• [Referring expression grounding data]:
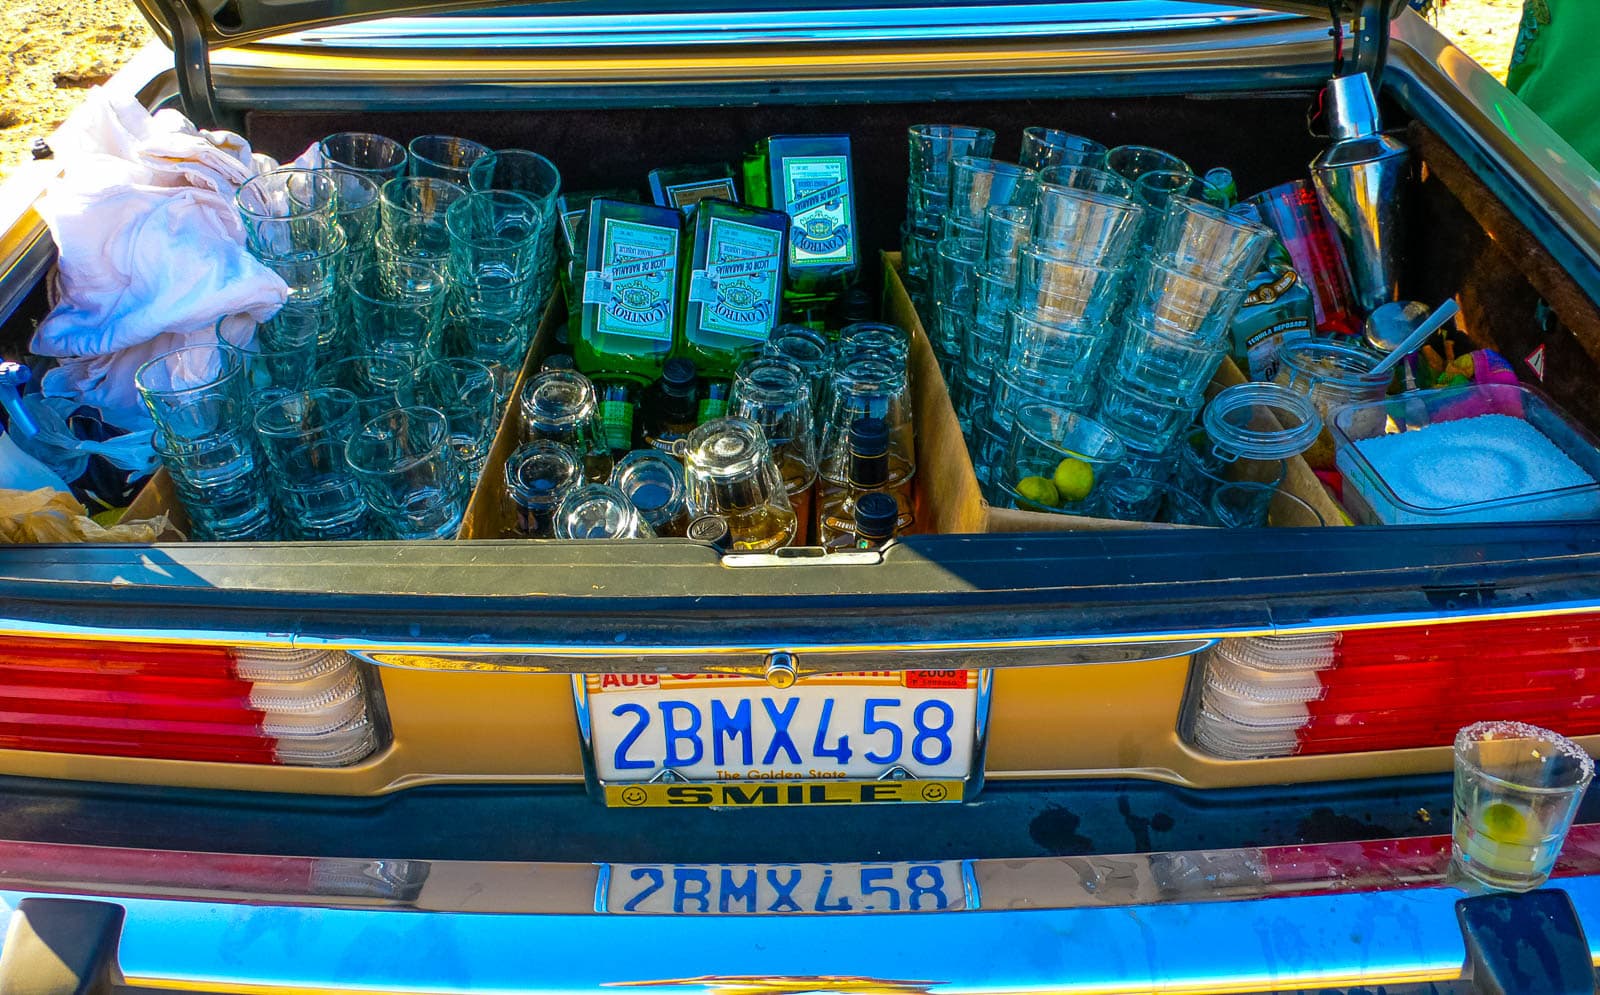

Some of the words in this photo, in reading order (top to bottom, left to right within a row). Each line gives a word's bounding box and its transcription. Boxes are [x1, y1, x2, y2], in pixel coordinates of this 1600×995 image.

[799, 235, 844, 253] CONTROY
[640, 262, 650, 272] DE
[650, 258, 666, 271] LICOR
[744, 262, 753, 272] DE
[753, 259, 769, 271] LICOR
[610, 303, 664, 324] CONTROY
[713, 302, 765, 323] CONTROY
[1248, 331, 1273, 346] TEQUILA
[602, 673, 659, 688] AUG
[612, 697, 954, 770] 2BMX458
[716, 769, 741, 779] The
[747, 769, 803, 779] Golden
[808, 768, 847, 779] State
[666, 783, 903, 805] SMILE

• [TASK BRIEF]: Down to the last line, set down the data above exactly, and omit all images.

• [OUTPUT OF THE EXERCISE]:
Some of the words in this photo, in reading order (top to bottom, left to right within a row). Each line gives a word's bounding box and its transcription. Boxes are [x1, y1, x2, y2], in pixel coordinates of this 1600×995 image.

[799, 235, 844, 253] CONTROY
[640, 262, 650, 272] DE
[650, 258, 666, 271] LICOR
[744, 262, 753, 272] DE
[753, 259, 769, 271] LICOR
[610, 303, 664, 324] CONTROY
[713, 302, 765, 323] CONTROY
[1248, 331, 1273, 346] TEQUILA
[602, 673, 659, 688] AUG
[612, 697, 954, 770] 2BMX458
[716, 769, 741, 779] The
[747, 769, 803, 779] Golden
[808, 768, 847, 779] State
[666, 783, 903, 805] SMILE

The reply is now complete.